Like most states, the children of Tennessee are in crisis. Issues of adolescent mental health, suicides, and accidental fentanyl overdoses plague every county of our great state. Recently, a video that showed children in the care of the Department of Children’s Services sleeping on the floor of their regional offices set off quite a stir. Children in the care of DCS suddenly had everyone’s attention.
A follow-up story in The Tennessean quoted Margie Quin, the Commissioner of DCS, thanking faith groups for stepping up and helping to ease the crisis. I’m grateful that so many churches and other faith-based organizations have responded to the needs of Tennessee children. While the problem isn’t close to being solved, we have relieved the immediate crisis. Now, we must commit ourselves to the long-term problems that caused this crisis in the first place.
But that’s another story.
Here’s the question I have right now. If, as Commissioner Quin stated, the faith-based community has stepped up, when did we as the followers of Jesus Christ decide to step down from children and their families in Tennessee? Or for that matter, the children of the United States? The world rightly condemns us for being pro-life until the child is born. If we are serious about the sacredness of life then we must be concerned about the entirety of that life – from birth to death.

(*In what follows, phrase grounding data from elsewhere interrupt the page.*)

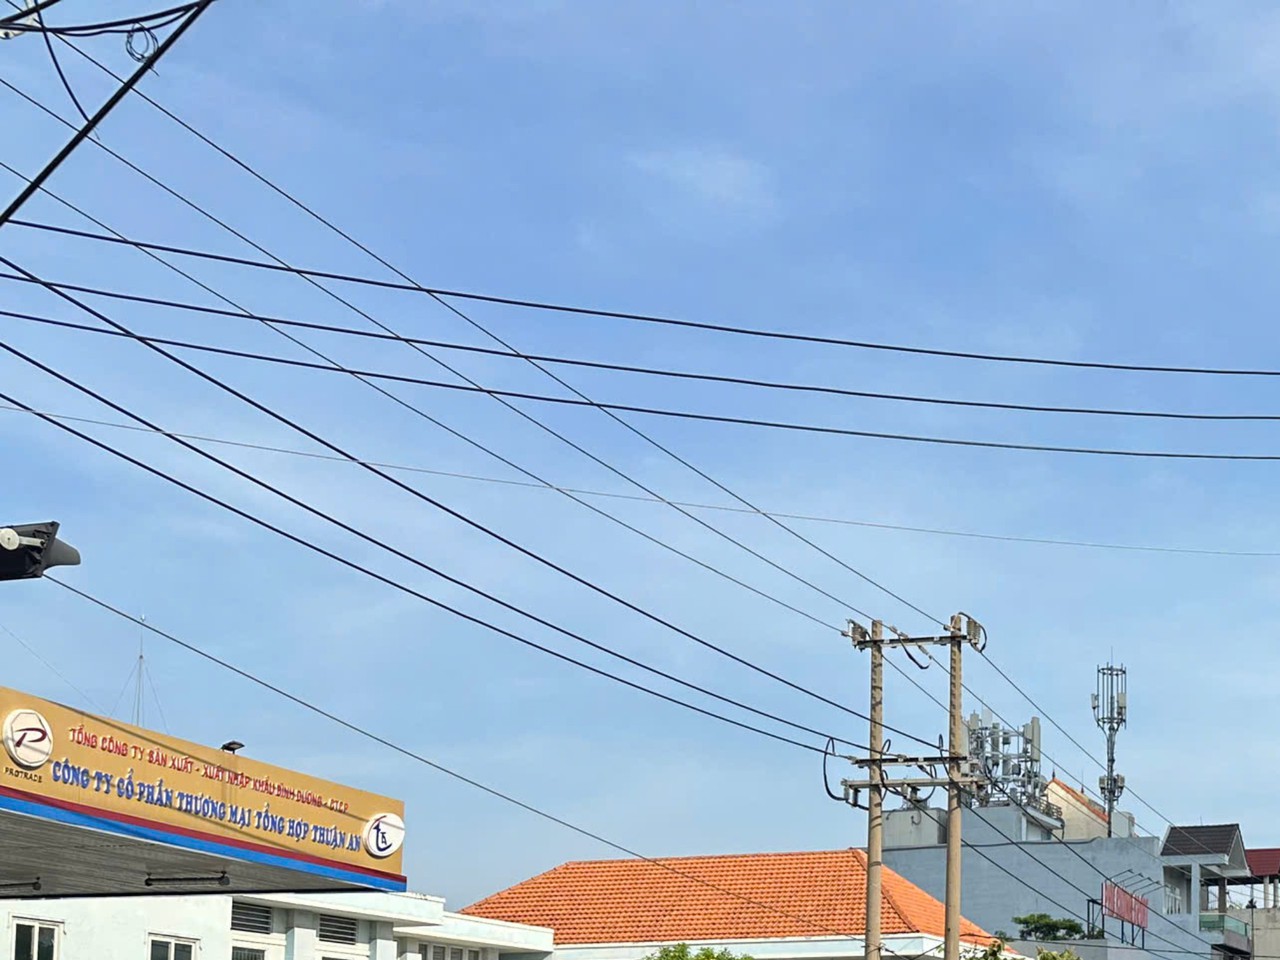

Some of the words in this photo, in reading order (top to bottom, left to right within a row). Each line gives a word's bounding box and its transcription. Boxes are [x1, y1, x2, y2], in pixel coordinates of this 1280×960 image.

[69, 724, 97, 748] TỔNG
[101, 736, 128, 757] CÔNG
[131, 745, 145, 760] TY
[148, 748, 168, 767] SẢN
[170, 755, 194, 774] XUẤT
[4, 766, 43, 784] PROTRADE
[52, 758, 90, 789] CÔNG
[94, 771, 113, 794] TY
[116, 768, 134, 800] CỔ
[137, 778, 173, 808] PHẦN
[176, 792, 226, 821] THƯƠNG
[228, 804, 252, 829] MẠI
[254, 802, 285, 833] TỔNG
[287, 817, 310, 842] HỢP
[311, 825, 346, 850] THUẬN
[347, 834, 361, 852] AN

That means local churches have to be the biggest advocates of adoption and foster care. There should never be a child in Tennessee who can’t be placed in a home. Now, I understand that some children need different levels of care and some aren’t ready to be placed in a home, but that is a minority of the children who are waiting for adoption. Of course, not everyone is called to adopt a child, but all of us can wrap around those families who are adopting and providing foster care and support them in multiple ways. If we preach that we’re pro-life, then we need to step up.
That means that every church should be engaged with local public schools. Some will choose to attend and support private schools and that’s their right. Some think public schools have surrendered their positions as trainers of our children – and that’s another blog – but we have to face the reality that we will never be able to build enough private schools to educate all of the children in our nation. Public schools are here to stay.
Some will say that public schools won’t let them pray or lead a Bible study – again, that’s another blog – but I’ve never seen a public school turn away a volunteer math tutor or reading instructor. If you can’t start where you want, start where you can. Salt and light are always needed.
Get involved in youth sports, youth orchestras, youth dance companies, or volunteer in juvenile courts. Show up wherever they let you and do what you can. Every child deserves the opportunity to develop their God-given talents. Every child bears the Imago Dei. If you claim to be pro-life then, step up.
And every child belongs to the Father.
And because of that, every child belongs to us. Not every story has a happy beginning, but we preach a resurrection gospel that says every story can be baptized in mercy and raised to live in joy. That happens when the followers of Christ start believing in a child and will call out the goodness within that child that has been marred but not destroyed.
Resurrection overcomes death. Resurrection overcomes trauma.
If you’ve done it for the least of these, Jesus said, you’ve done it for me. It’s time for the church to step up and this time, not step down again.